Removing Barriers Blog

Board Member McWatters Shares Concerns re CECL
Posted October 09, 2019 by Chandler Schuette

Earlier this week, NCUA Board Member McWatters wrote an opinion piece in CU Journal detailing his concerns with CECL and what NCUA can do to ease credit unions’ CECL burden.

Describing CECL as “one of the most significant and far-reaching changes” to GAAP, McWatters believes CECL could cause “a significant number of credit unions [to] have their net worth fall below well capitalized or have their net worth ratios reduced to the point where they may need to curtail lending or deposit growth.”

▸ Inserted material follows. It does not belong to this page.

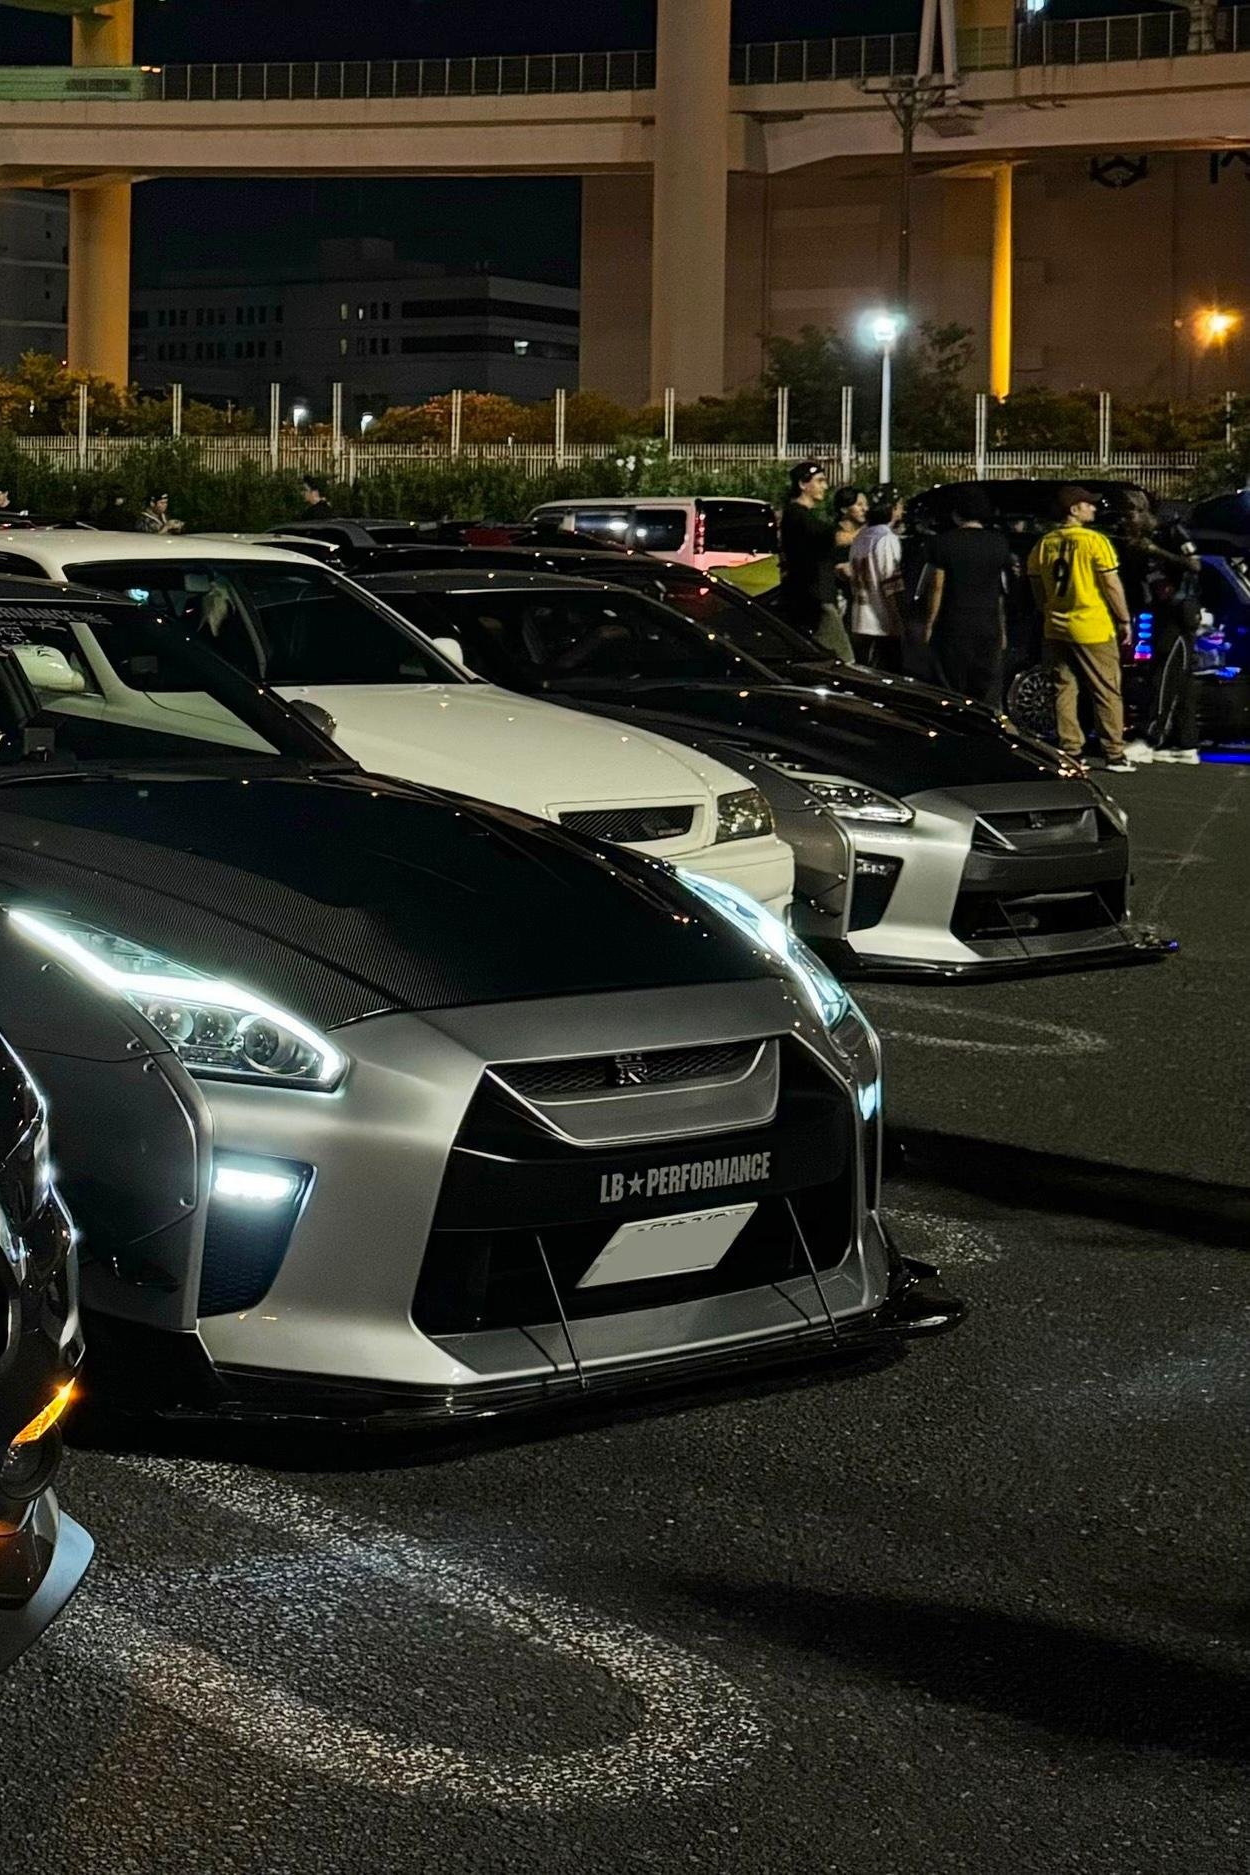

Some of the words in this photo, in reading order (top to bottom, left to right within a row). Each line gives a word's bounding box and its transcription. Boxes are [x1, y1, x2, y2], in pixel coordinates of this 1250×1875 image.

However, McWatters goes on to note several recent developments that will help credit unions make the transition to CECL:

  • NCUA has determined the NCUA Board has the authority to provide a phase-in of CECL for regulatory capital purposes;
  • A recent FASB Q&A on CECL provides flexibility on the “reasonable and supportable forecast” required by CECL based on the size and complexity of the reporting institution; and
  • FASB’s proposed extension of the CECL effective date for credit unions until 2023.

Over the past year, we’ve been pushing NCUA to pursue a phase-in (similar to that adopted by the banking regulators). In addition, we have and will continue to advocate NCUA provide more compliance resources for credit unions.